Domain Specific Units¶
Many researchers pointed out that DCNNs progressively compute more powerful feature detectors as depth increases REF{Mallat2016}. The authors from REF{Yosinski2014} and REF{Hongyang2015} demonstrated that feature detectors that are closer to the input signal (called low level features) are base features that resemble Gabor features, color blobs, edge detectors, etc. On the other hand, features that are closer to the end of the neural network (called high level features) are considered to be more task specific and carry more discriminative power.
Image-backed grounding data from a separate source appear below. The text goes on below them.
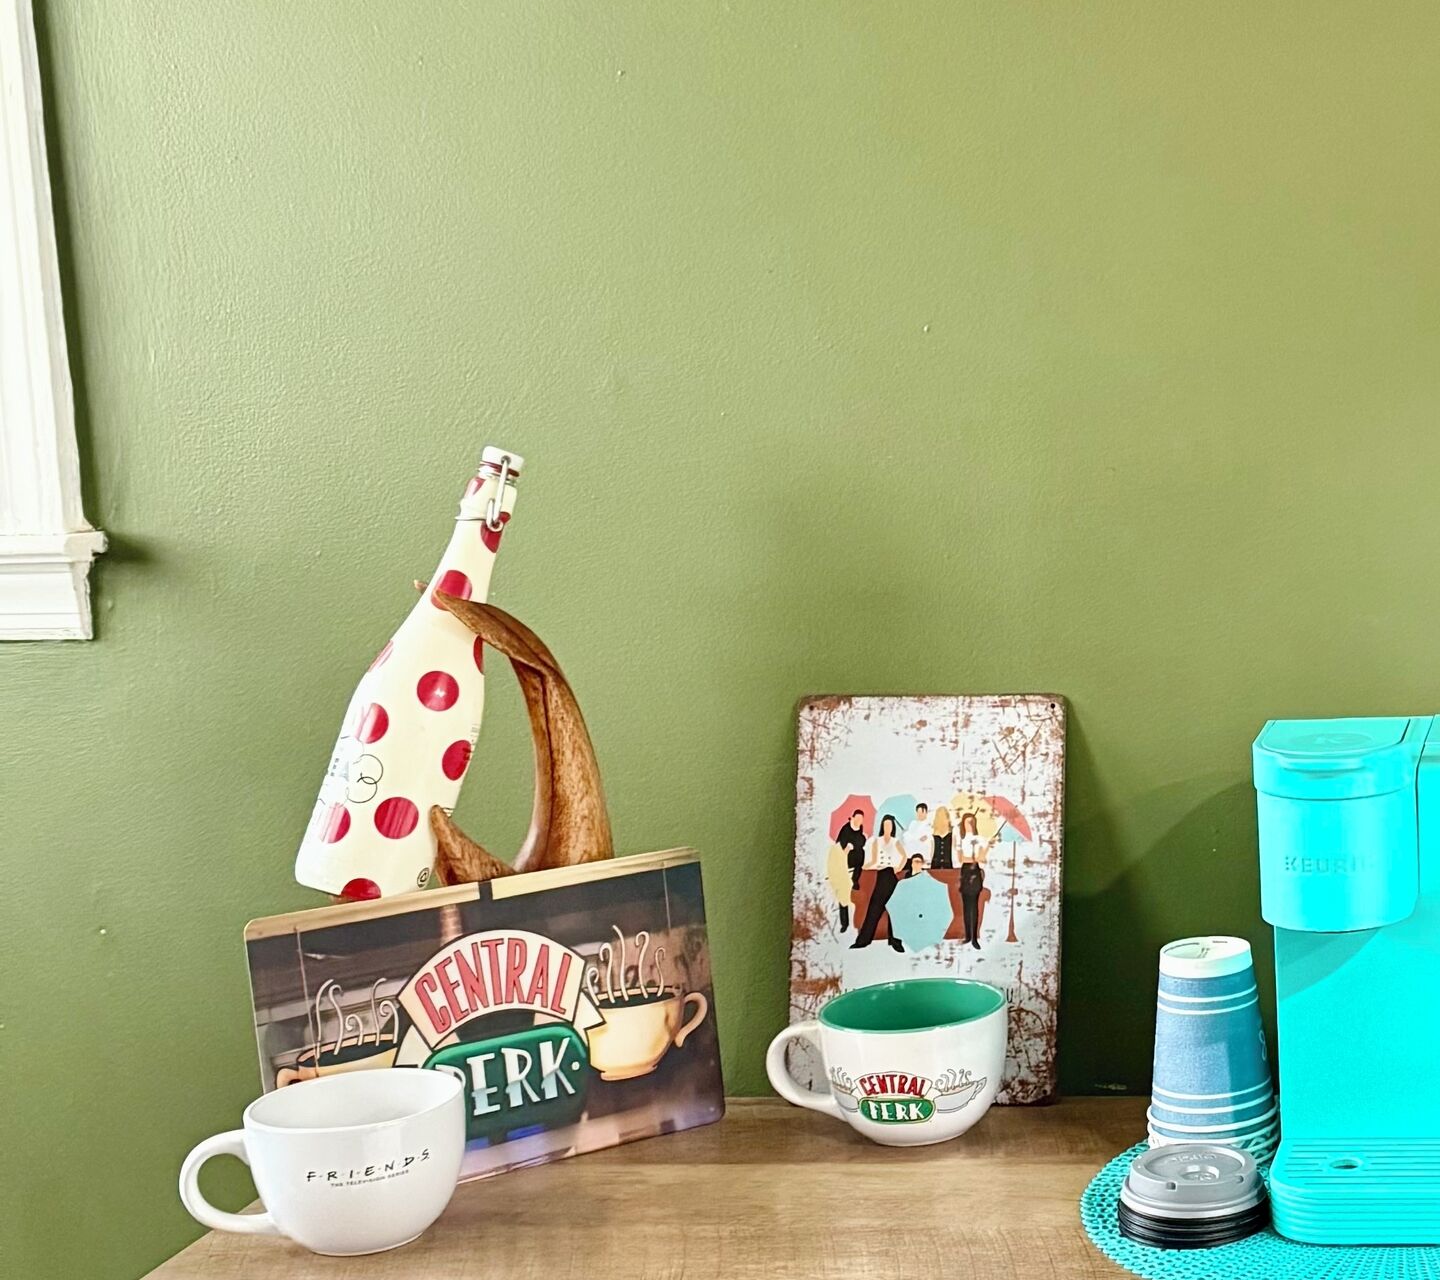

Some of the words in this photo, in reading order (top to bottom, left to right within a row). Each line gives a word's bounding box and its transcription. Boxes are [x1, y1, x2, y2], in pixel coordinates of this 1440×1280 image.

[1284, 855, 1377, 873] KEURI
[414, 938, 572, 1035] CENTRAL
[859, 1074, 928, 1098] CENTRAL
[868, 1100, 925, 1121] PERK
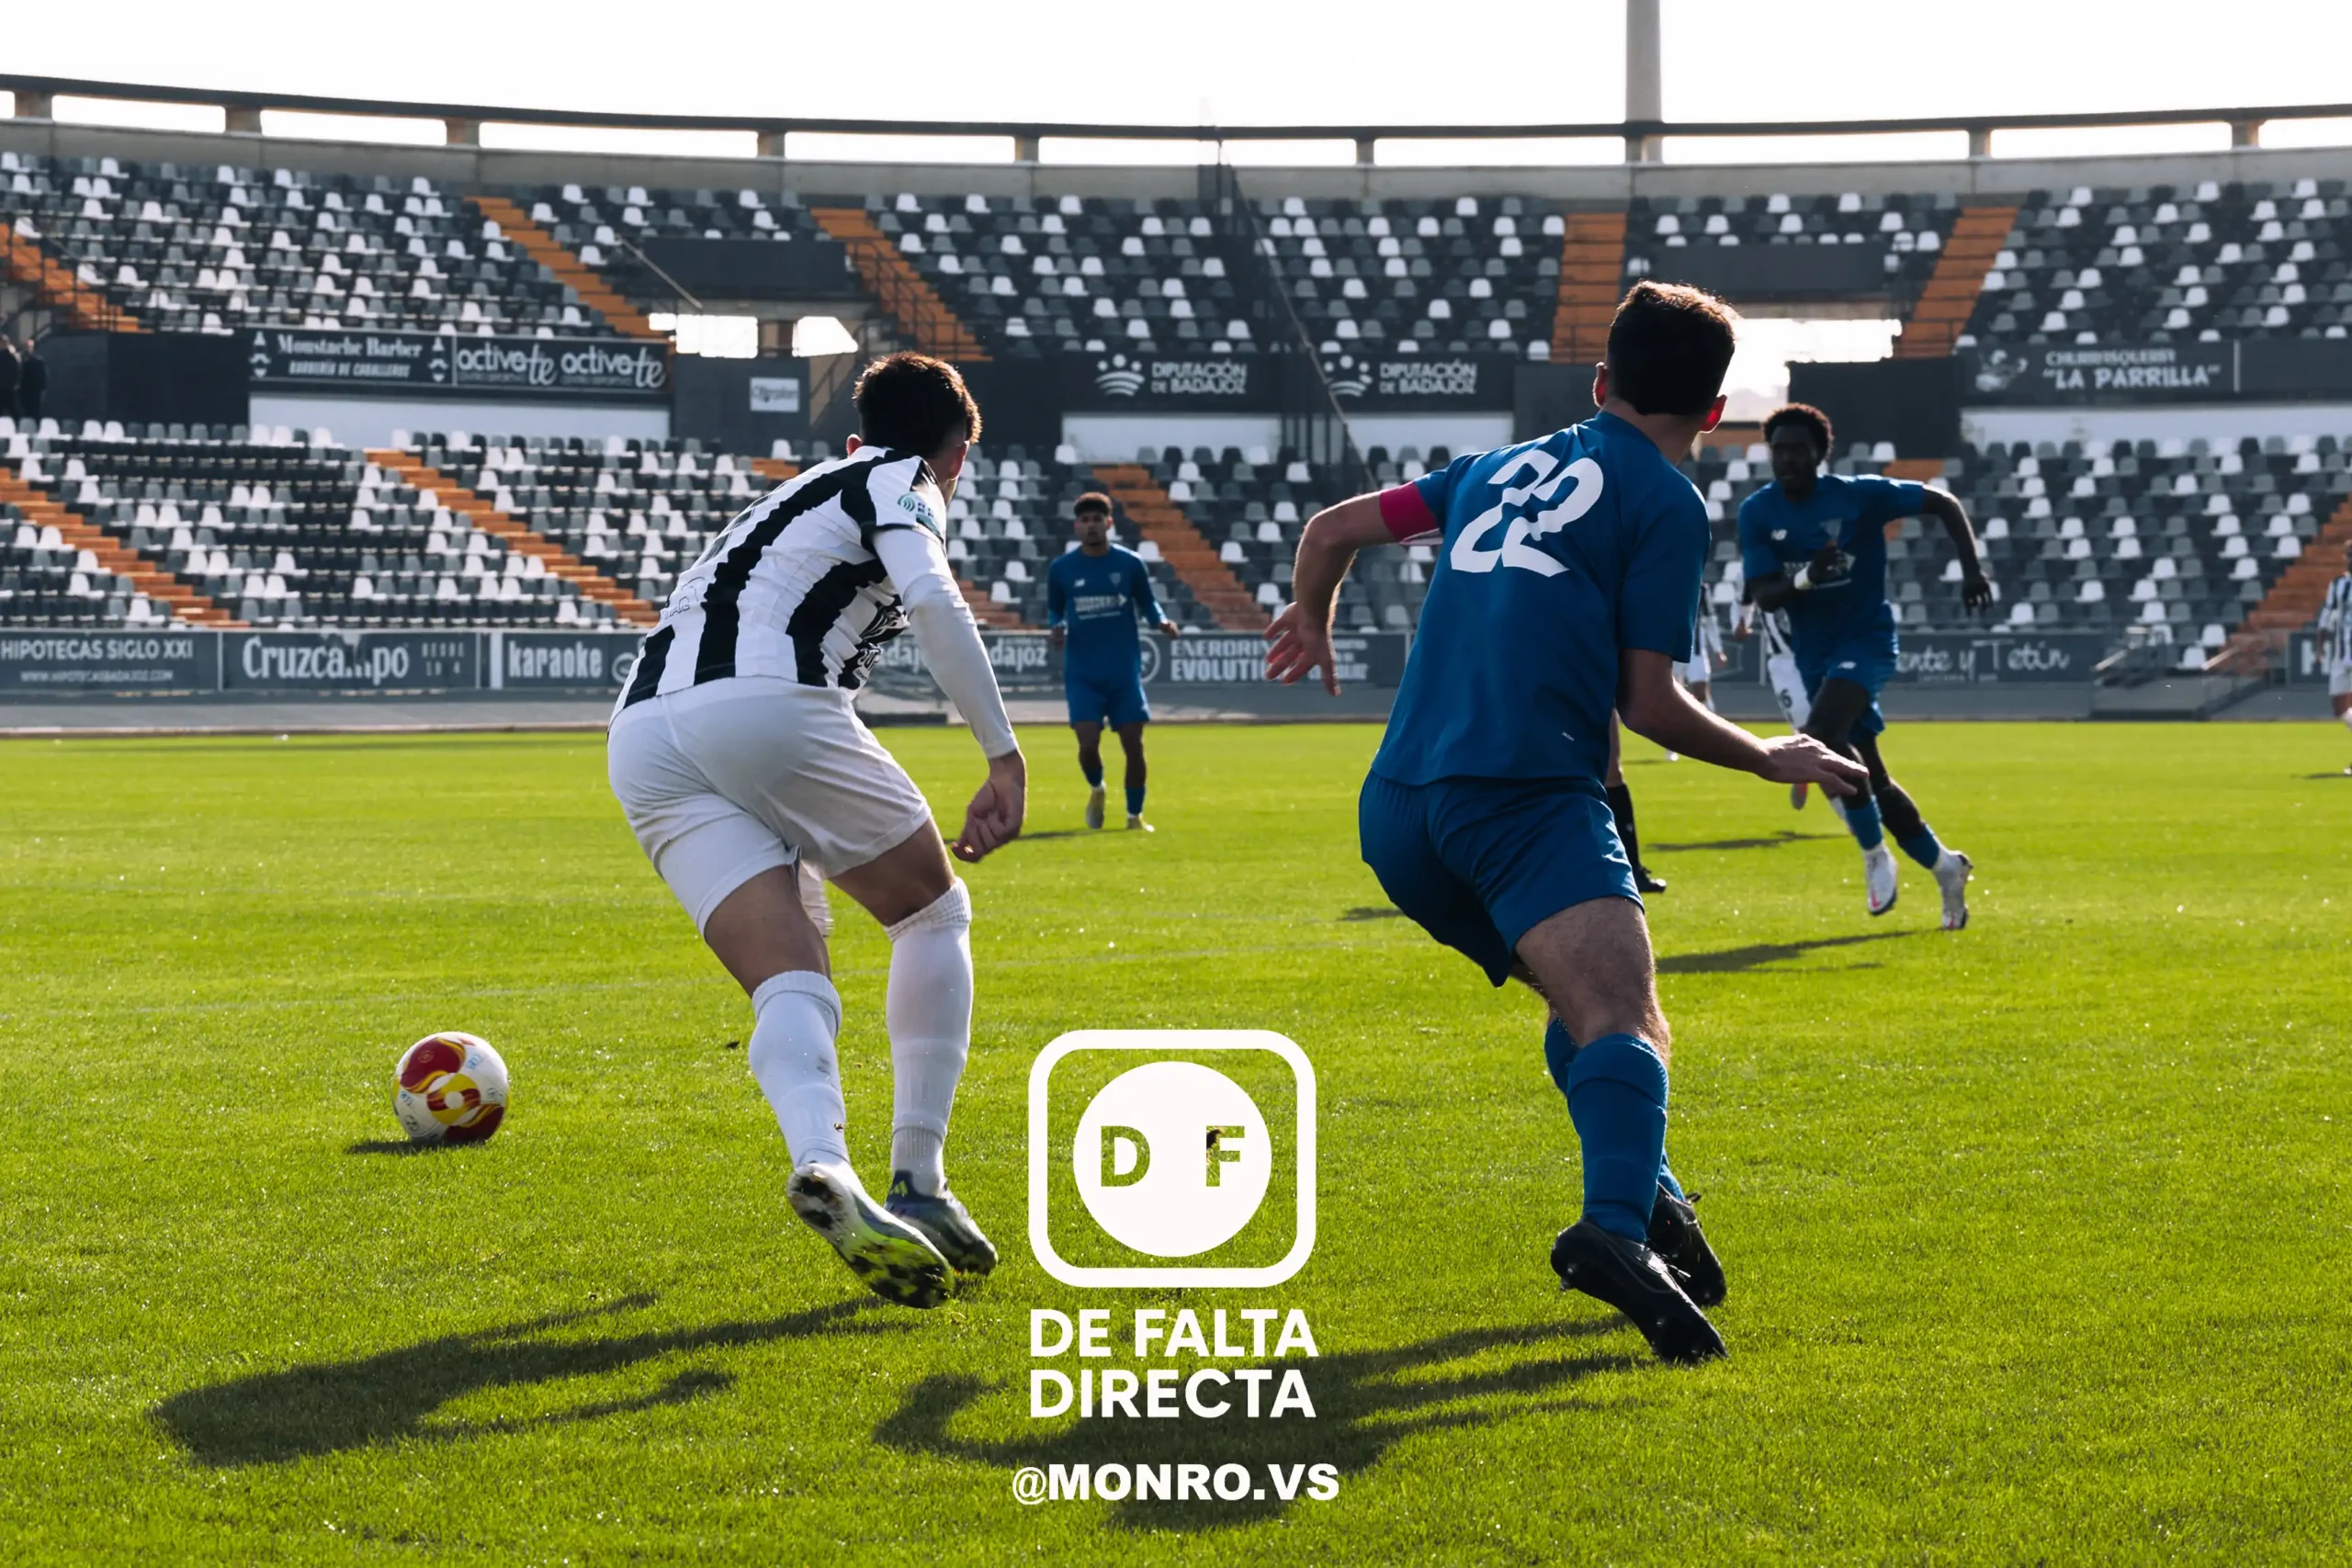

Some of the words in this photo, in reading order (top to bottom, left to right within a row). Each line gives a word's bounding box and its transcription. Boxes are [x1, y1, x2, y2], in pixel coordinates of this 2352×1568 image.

In first insights section we observed that the feature detectors from \(\mathcal{D}^s\) (VIS) have some discriminative power over all three target domains we have tested; with VIS-NIR being the “easiest” ones and the VIS-Thermal being the most challenging ones. With such experimental observations, we can draw the following hypothesis:
Note
Given \(X_s=\{x_1, x_2, ..., x_n\}\) and \(X_t=\{x_1, x_2, ..., x_n\}\) being a set of samples from \(\mathcal{D}^s\) and \(\mathcal{D}^t\), respectively, with their correspondent shared set of labels \(Y=\{y_1, y_2, ..., y_n\}\) and \(\Theta\) being all set of DCNN feature detectors from \(\mathcal{D}^s\) (already learnt), there are two consecutive subsets: one that is domain textbf{dependent}, \(\theta_t\), and one that is domain textbf{independent}, \(\theta_s\), where \(P(Y|X_s, \Theta) = P(Y|X_t, [\theta_s, \theta_t])\). Such \(\theta_t\), that can be learnt via back-propagation, is so called Domain Specific Units.
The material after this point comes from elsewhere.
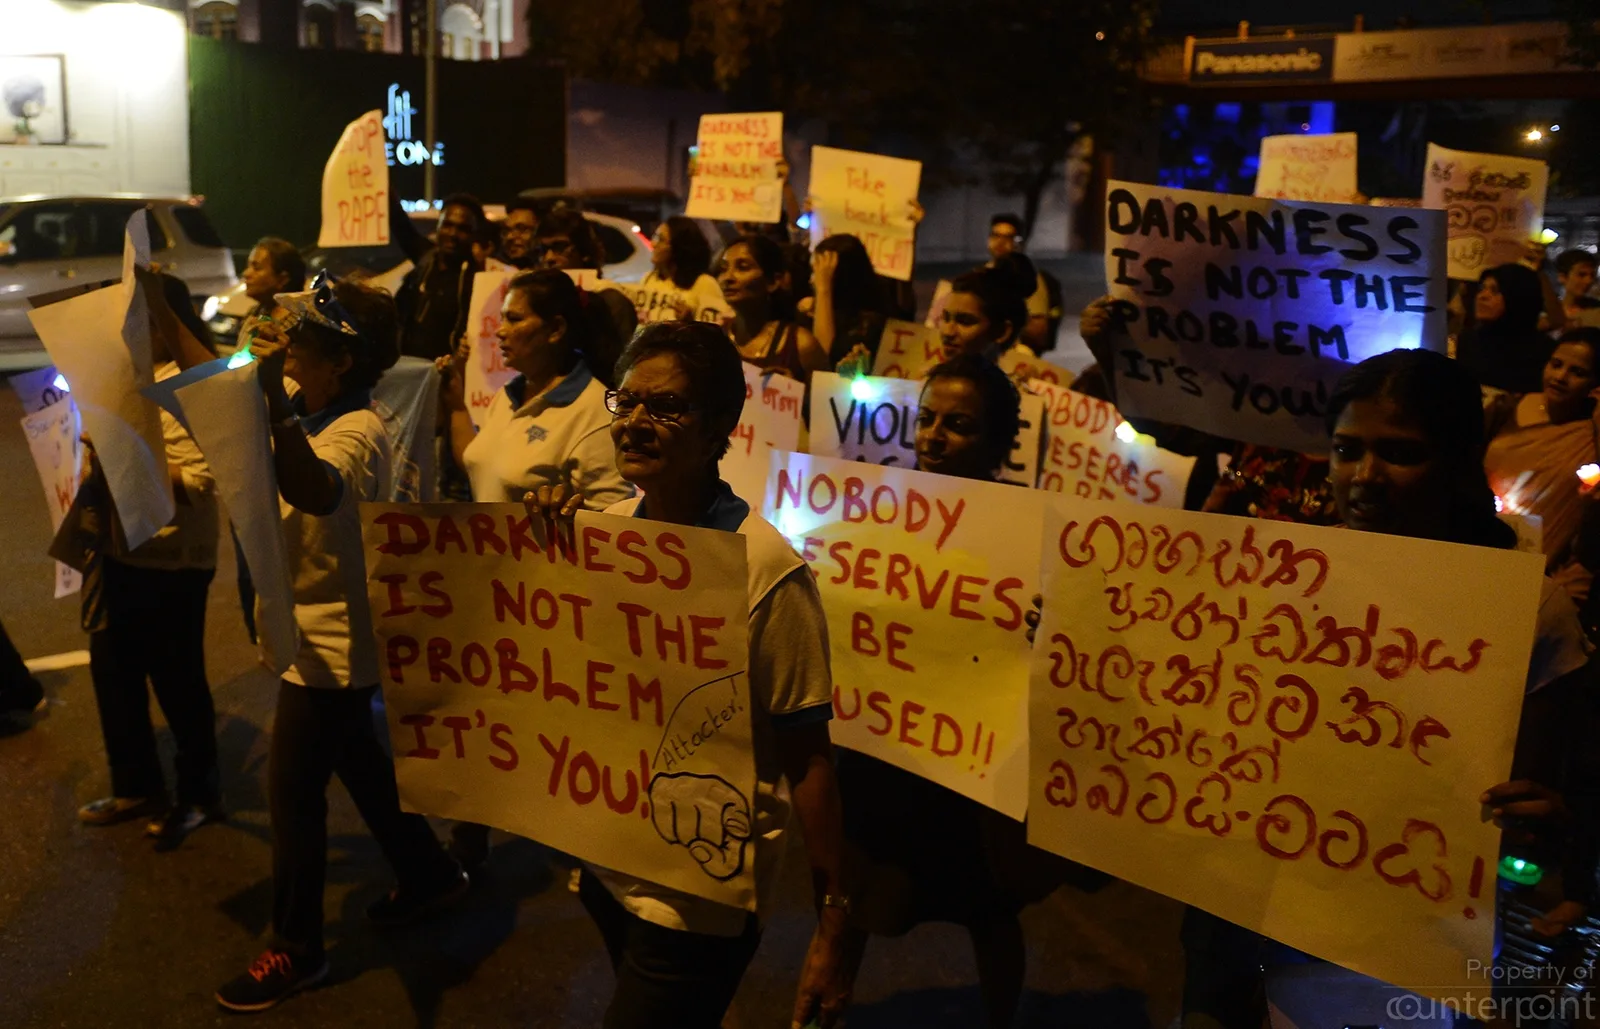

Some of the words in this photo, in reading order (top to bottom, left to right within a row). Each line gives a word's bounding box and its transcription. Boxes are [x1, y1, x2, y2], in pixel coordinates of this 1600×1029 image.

A possible assumption one can make is that \(\theta_t\) is part of the set of low level features, directly connected to the input signal. In this paper we test this assumption. Figure bellow presents a general schematic of our proposed approach. It is possible to observe that each image domain has its own specific set of feature detectors (low level features) and they share the same face space (high level features) that was previously learnt using VIS.
Our approach consists in learning \(\theta_t\), for each target domain, jointly with the DCNN from the source domain. In order to jointly learn \(\theta_t\) with \(D_s\) we propose two different architectural arrangements described in the next subsections.
Siamese DSU¶
In the architecture described below, \(\theta_t\) is learnt using Siamese Neural Networks REF{Chopra2005}. During the forward pass, Figure (a), a pair of face images, one for each domain (either sharing the same identity or not), is passed through the DCNN. The image from the source domain is passed through the main network (the one at the top in Figure (a)) and the image from the target domain is passed first to its domain specific set of feature detectors and then amended to the main network. During the backward pass, Figure (b), errors are backpropagated only for \(\theta^t\). With such structure only a small subset of feature detectors are learnt, reducing the capacity of the joint model. The loss \(\mathcal{L}\) is defined as:
\(\mathcal{L}(\Theta) = 0.5\Bigg[ (1-Y)D(x_s, x_t) + Y \max(0, m - D(x_s, x_t))\Bigg]\), where \(m\) is the contrastive margin, \(Y\) is the label (1 when \(x_s\) and \(x_t\) belong to the same subject and 0 otherwise) and \(D\) is defined as:
\(D(x_s, x_t) = || \phi(x_s) - \phi(x_t)||_{2}^{2}\), where \(\phi\) are the embeddings from the jointly trained DCNN.
Results¶
Warning
Decribe the results from the paper
Understanding the Domain Specific Units¶
In this section we break down the covariate distribution of data points sensed in different image modalities layer by layer using tSNEs.
With these plots we expect to observe how data from different image modalities and different identities are organized along the DCNN transformations.
- For each image domain we present:
The covariate distribution using the base network as a reference (without any adaptation) in the left column.
The covariate distribution using the best DSU adapted network (for each database) in the right column.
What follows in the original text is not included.